● WORK ORDER: Reproduce exactly the span of lines beginning at the one with "this 1920×1080 image." and ending at the last line of the data below, omitting pictures.

--------

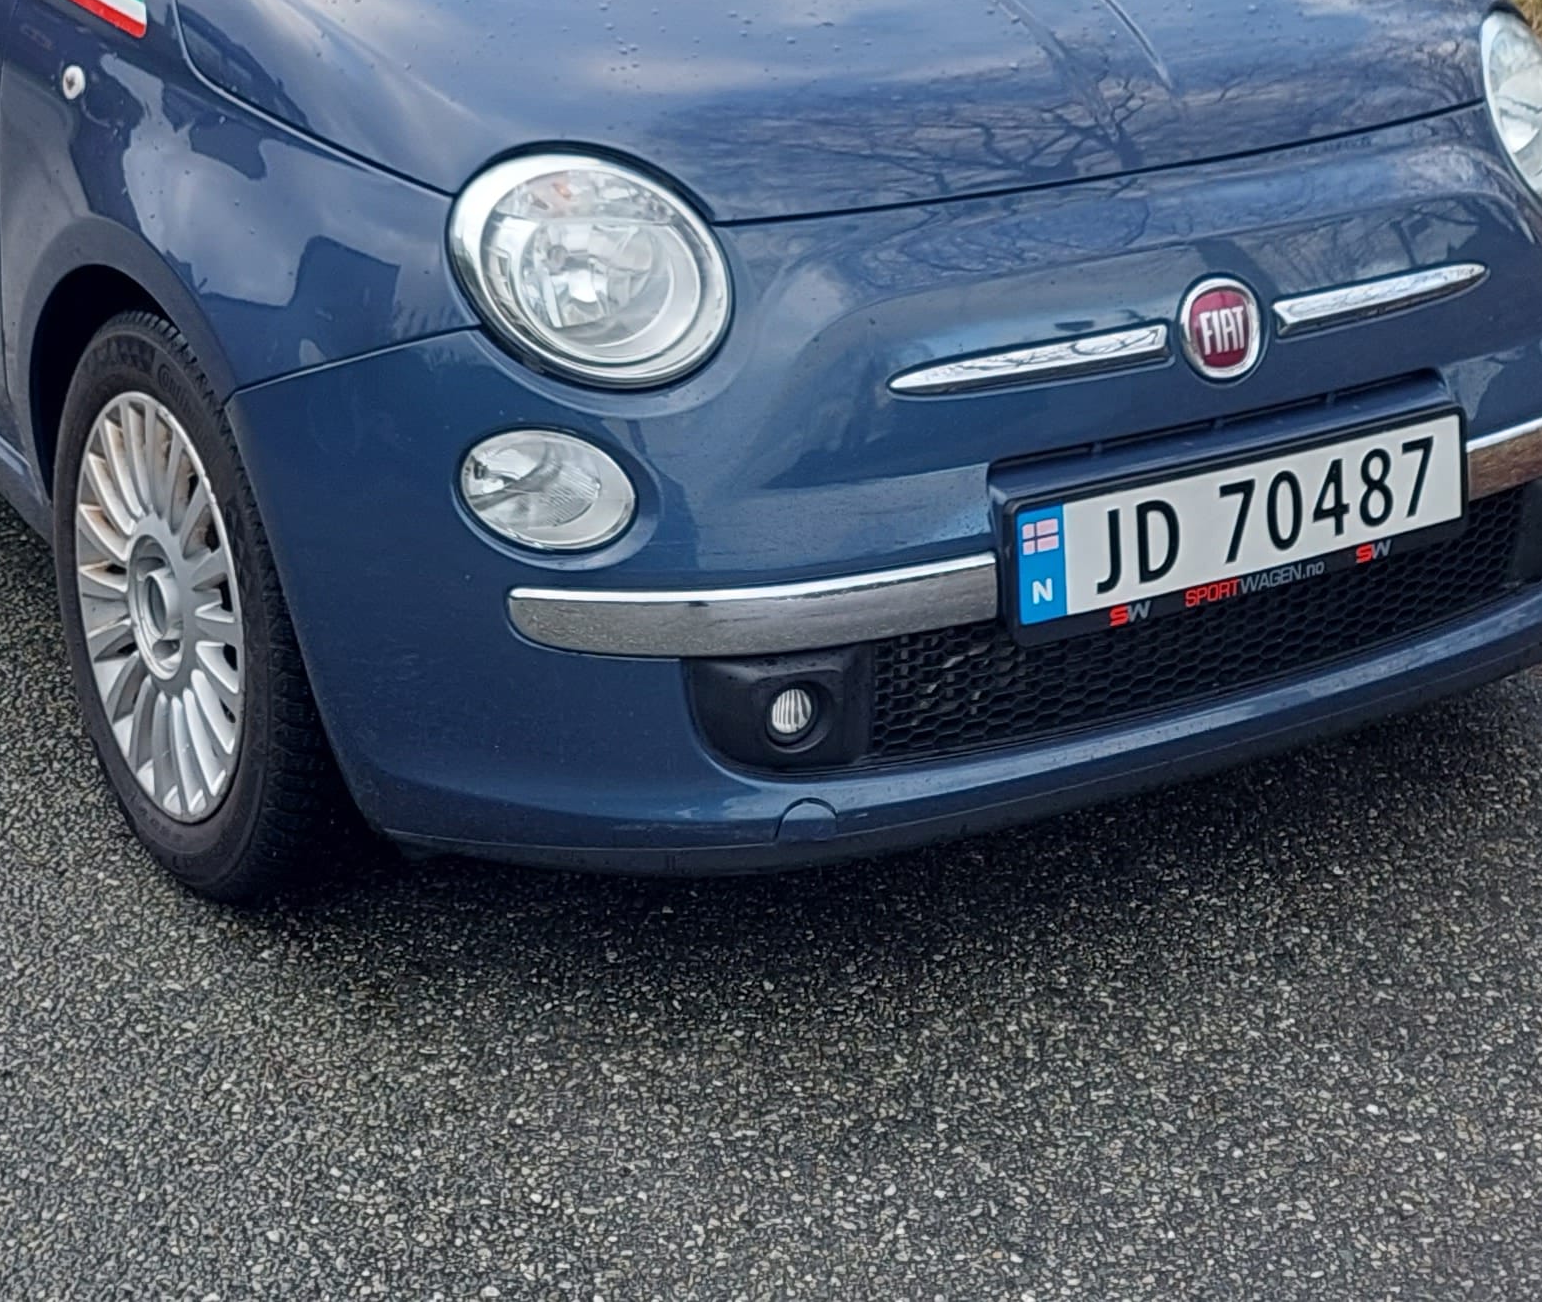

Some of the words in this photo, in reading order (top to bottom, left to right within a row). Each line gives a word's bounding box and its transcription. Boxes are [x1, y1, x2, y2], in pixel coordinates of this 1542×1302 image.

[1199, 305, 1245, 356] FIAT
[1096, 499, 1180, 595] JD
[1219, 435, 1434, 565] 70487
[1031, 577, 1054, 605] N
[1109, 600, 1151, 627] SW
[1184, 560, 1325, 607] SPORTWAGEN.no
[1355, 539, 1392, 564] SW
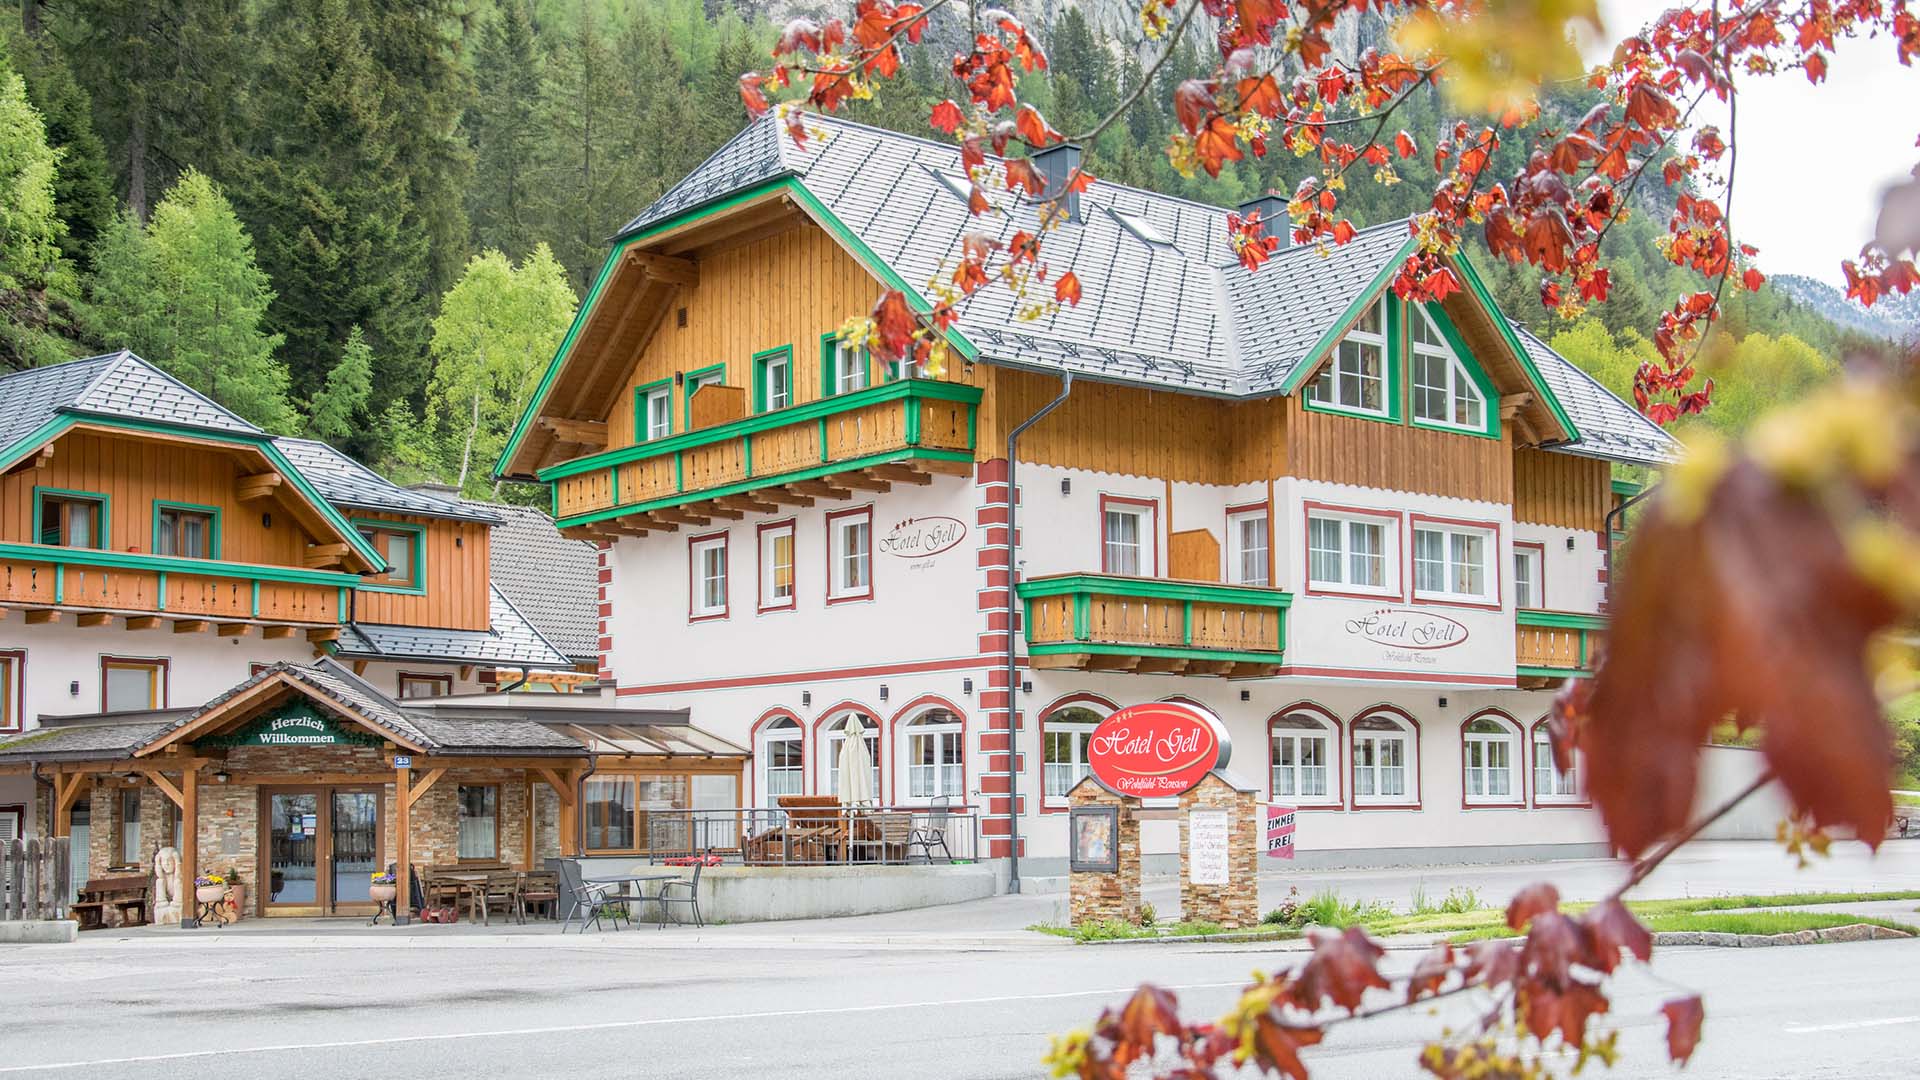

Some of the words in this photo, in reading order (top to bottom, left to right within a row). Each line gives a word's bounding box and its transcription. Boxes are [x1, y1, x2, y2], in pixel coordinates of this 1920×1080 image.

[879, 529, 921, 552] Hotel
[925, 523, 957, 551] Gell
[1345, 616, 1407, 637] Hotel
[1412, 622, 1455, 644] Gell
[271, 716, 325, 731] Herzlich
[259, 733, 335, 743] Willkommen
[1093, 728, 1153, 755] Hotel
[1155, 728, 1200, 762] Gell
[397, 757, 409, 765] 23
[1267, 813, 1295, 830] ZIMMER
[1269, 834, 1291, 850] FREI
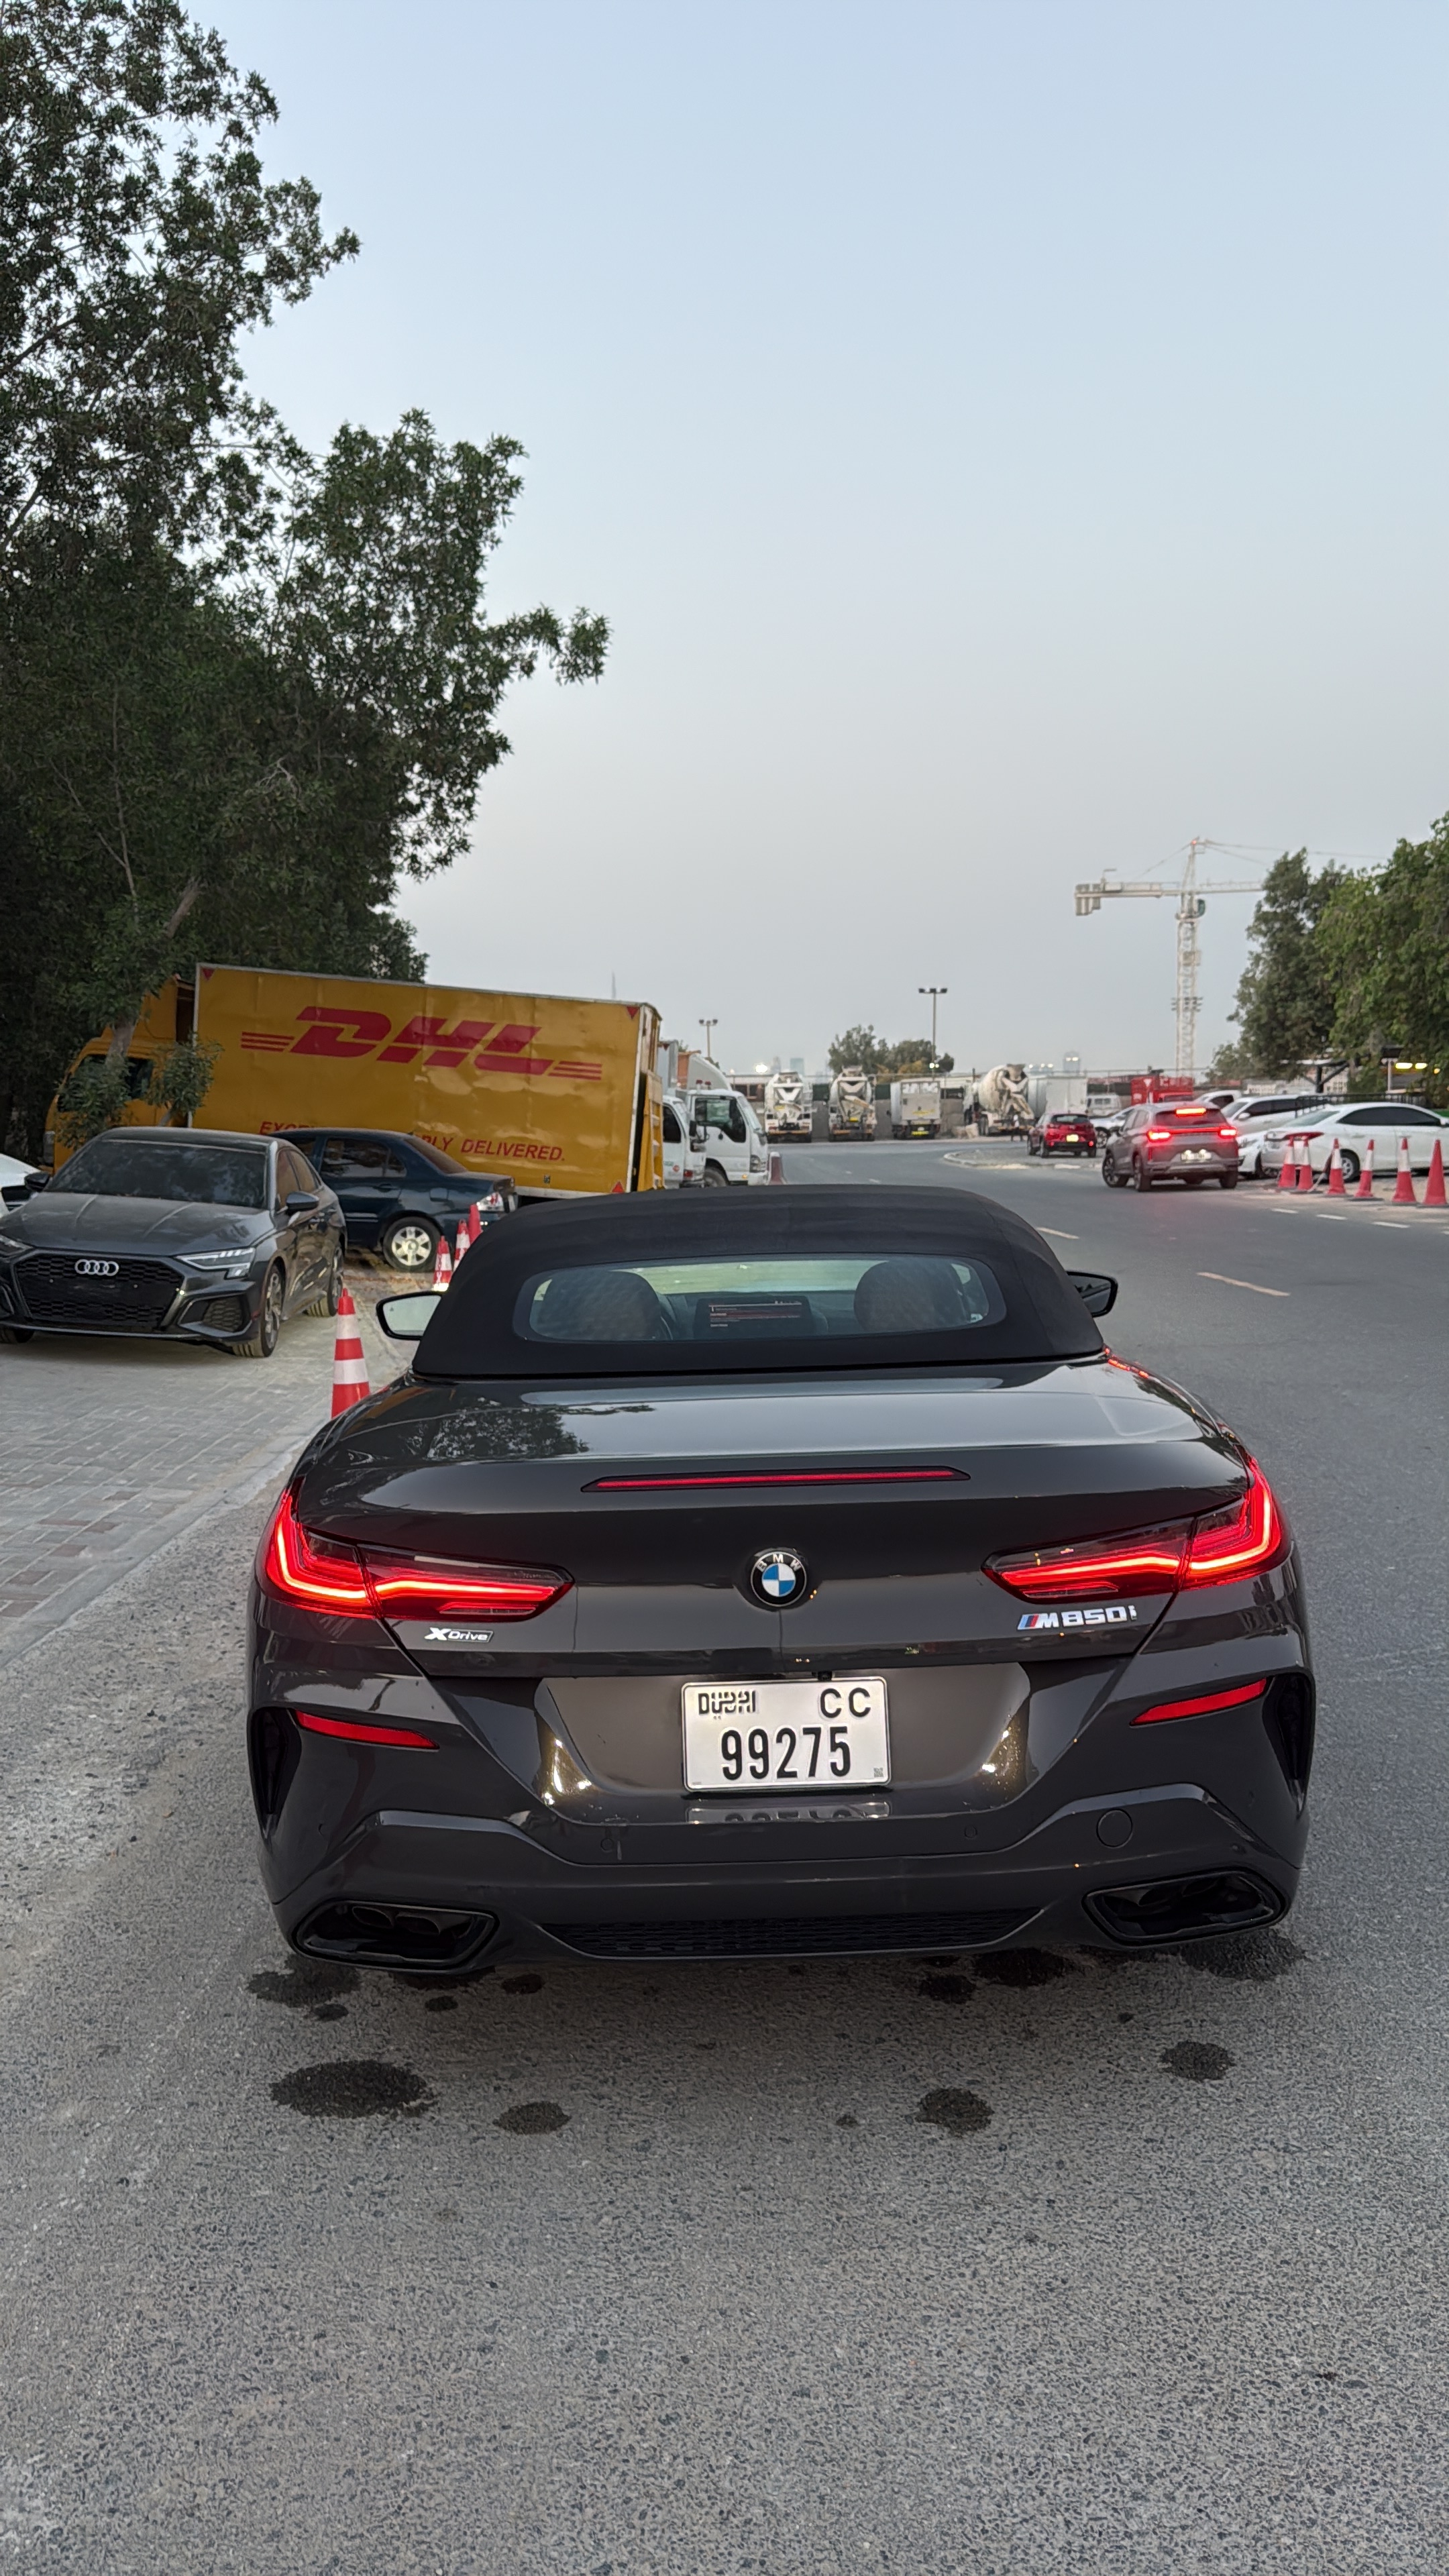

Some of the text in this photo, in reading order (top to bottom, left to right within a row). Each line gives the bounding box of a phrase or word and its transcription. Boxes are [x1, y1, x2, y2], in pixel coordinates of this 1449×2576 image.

--------

● ANSWER SECTION:
Some of the words in this photo, in reading order (top to bottom, left to right within a row). Each line gives a word's bounding box and its transcription. Boxes are [x1, y1, x2, y2], in pixel coordinates of this 1920×1080 image.

[879, 529, 921, 552] Hotel
[925, 523, 957, 551] Gell
[1345, 616, 1407, 637] Hotel
[1412, 622, 1455, 644] Gell
[271, 716, 325, 731] Herzlich
[259, 733, 335, 743] Willkommen
[1093, 728, 1153, 755] Hotel
[1155, 728, 1200, 762] Gell
[397, 757, 409, 765] 23
[1267, 813, 1295, 830] ZIMMER
[1269, 834, 1291, 850] FREI

Some of the text in this photo, in reading order (top to bottom, left to right within a row). Each line gives the bounding box of a phrase or word and its transcription. Boxes are [x1, y1, x2, y2], in pixel coordinates of this 1449×2576 image.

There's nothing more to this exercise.